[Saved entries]
________

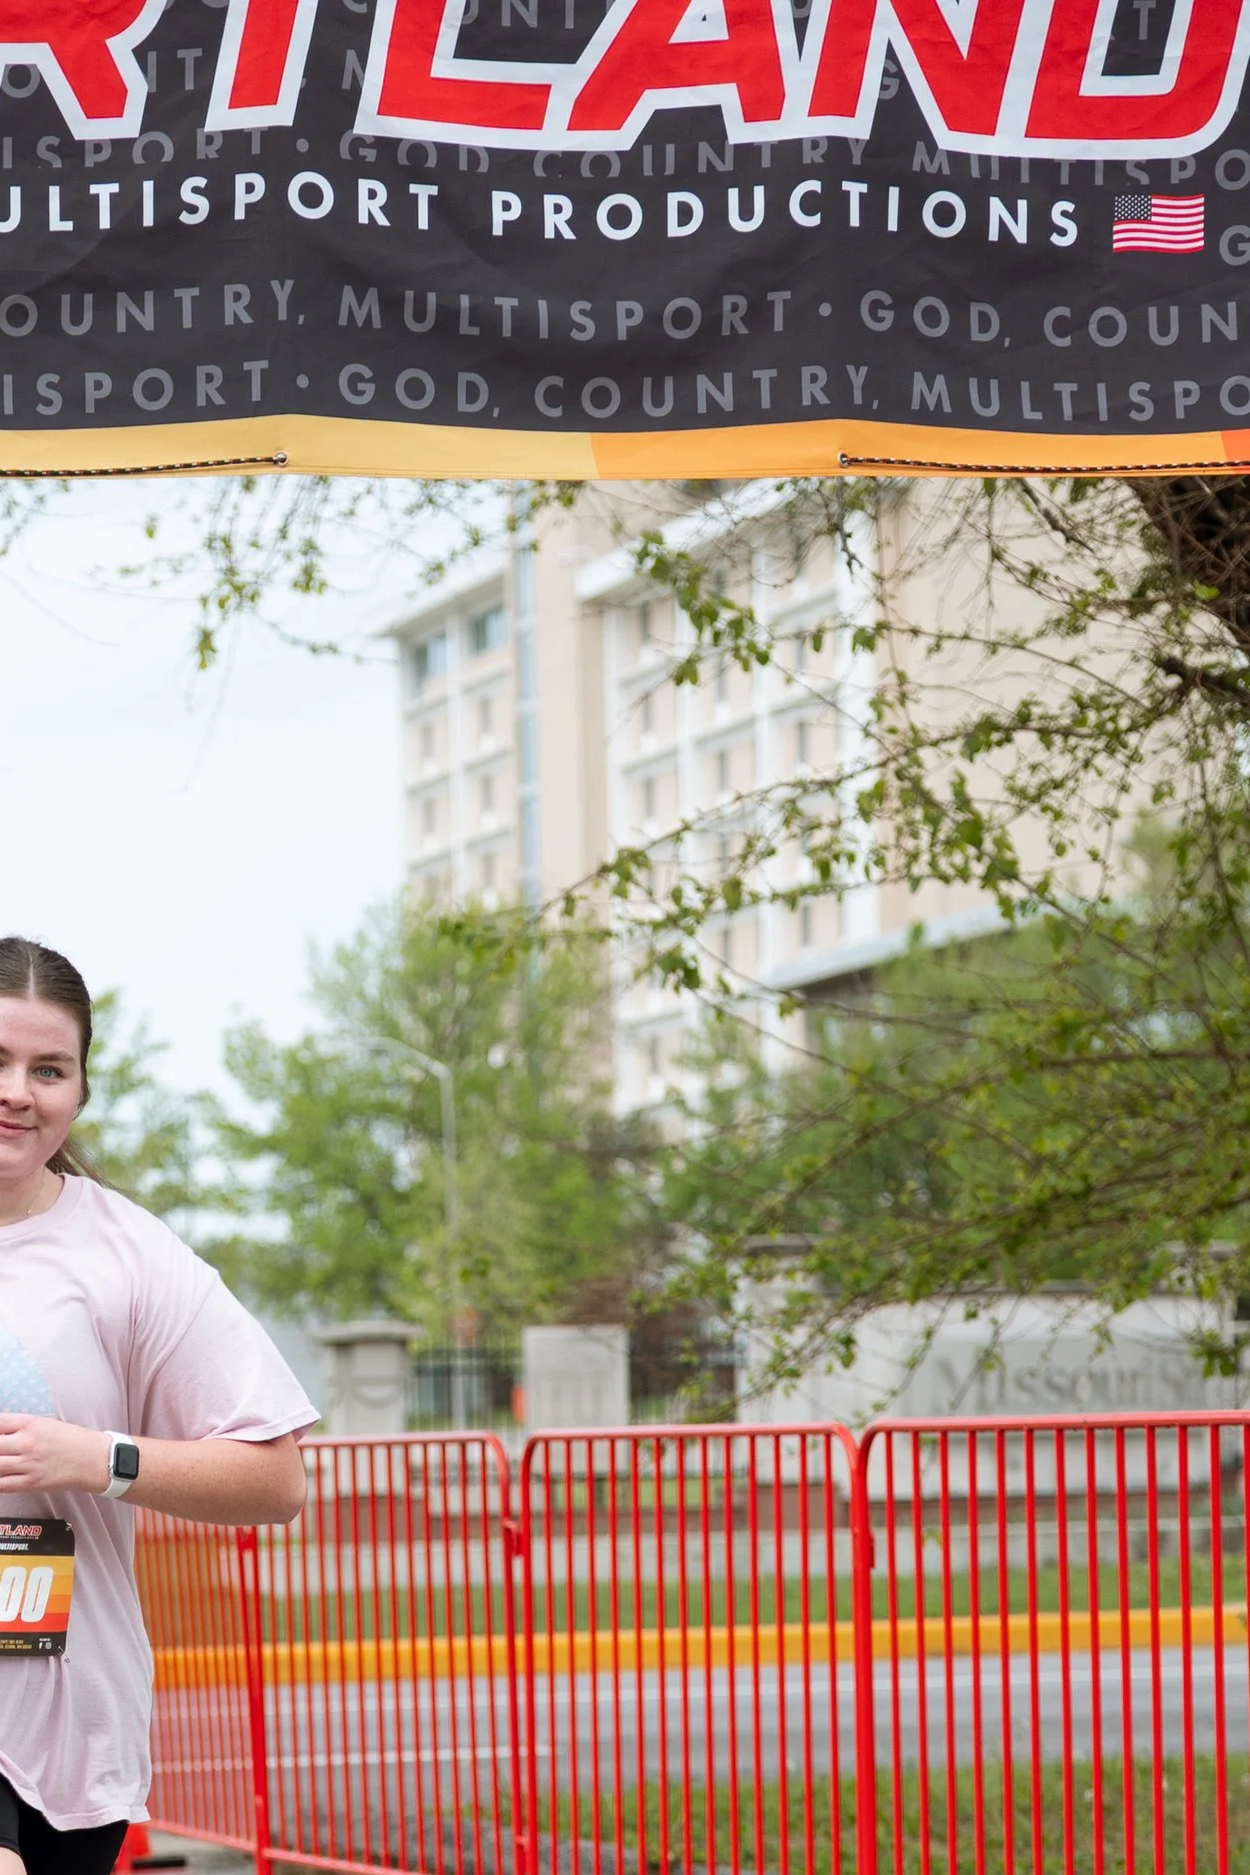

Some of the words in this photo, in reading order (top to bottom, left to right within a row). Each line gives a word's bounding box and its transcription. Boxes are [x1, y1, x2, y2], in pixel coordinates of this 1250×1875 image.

[492, 180, 1077, 247] PRODUCTIONS
[338, 285, 792, 341] MULTISPORT
[860, 290, 1010, 347] GOD,
[339, 363, 500, 416] GOD,
[535, 365, 878, 417] COUNTRY,
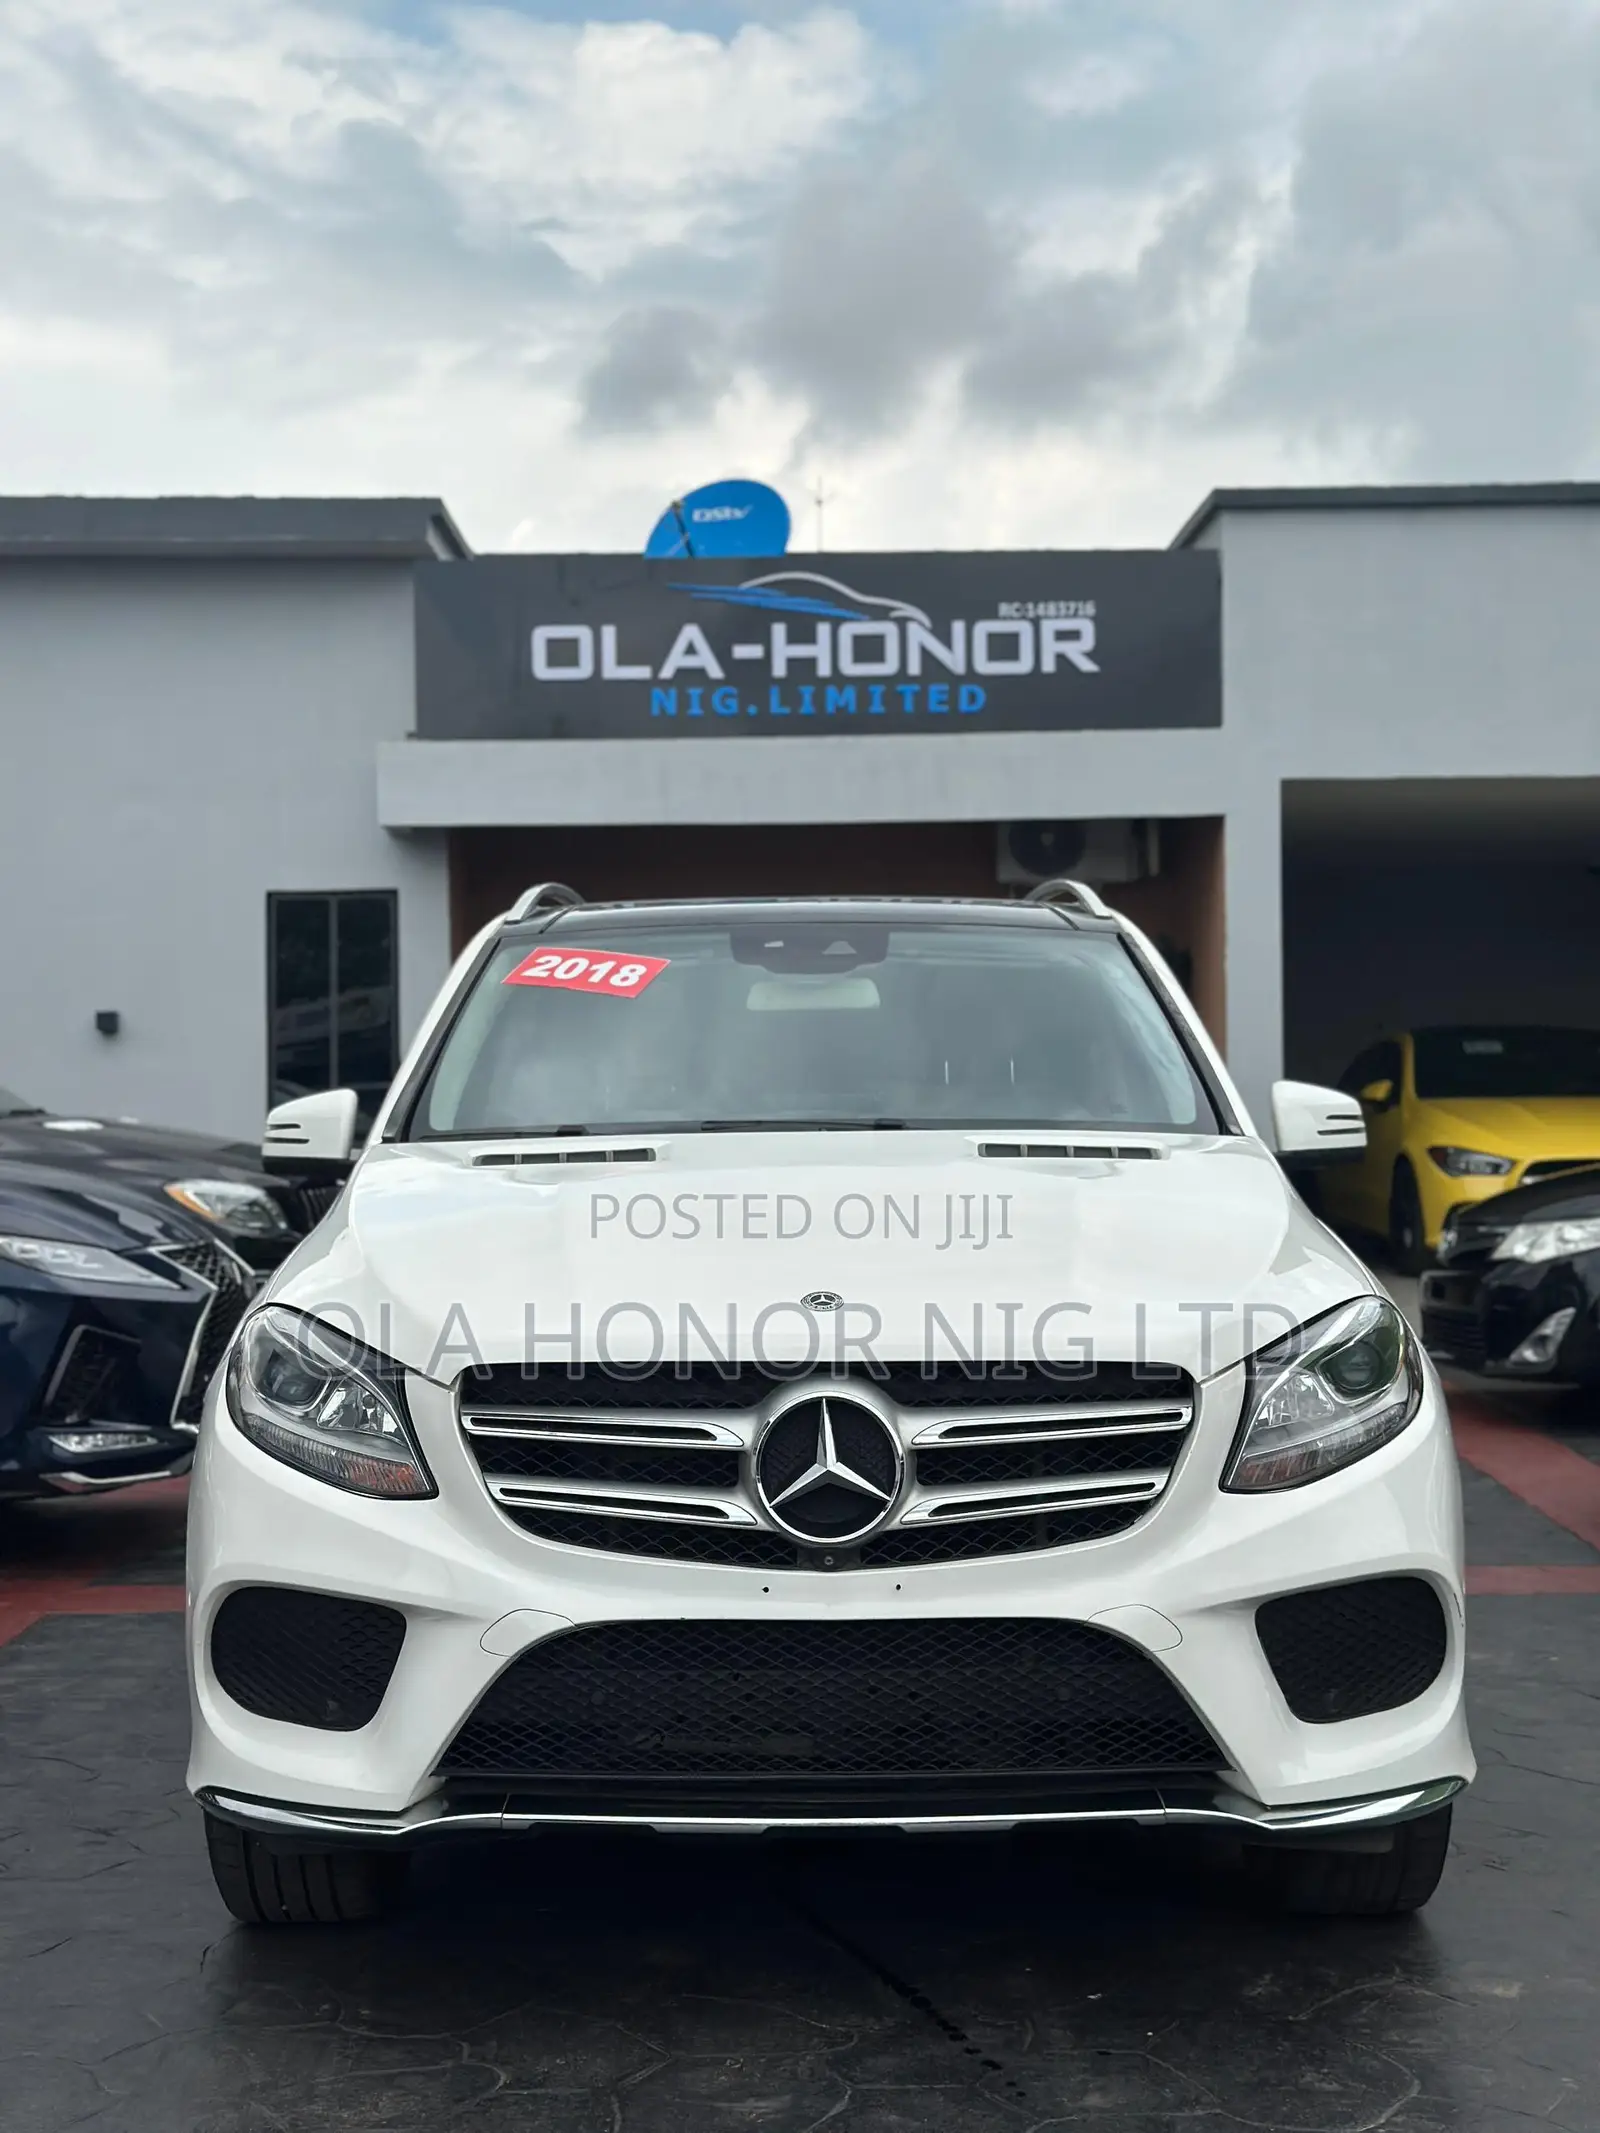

________

◆ THE TASK: Send back the data above verbatim, leaving out its pictures.

◆ EXPECTED ANSWER:
Some of the words in this photo, in reading order (top to bottom, left to right within a row). Each line gives a word's bounding box and its transcription. Boxes are [x1, y1, x2, y2], in pixel coordinates of this 1250×1875 image.

[492, 180, 1077, 247] PRODUCTIONS
[338, 285, 792, 341] MULTISPORT
[860, 290, 1010, 347] GOD,
[339, 363, 500, 416] GOD,
[535, 365, 878, 417] COUNTRY,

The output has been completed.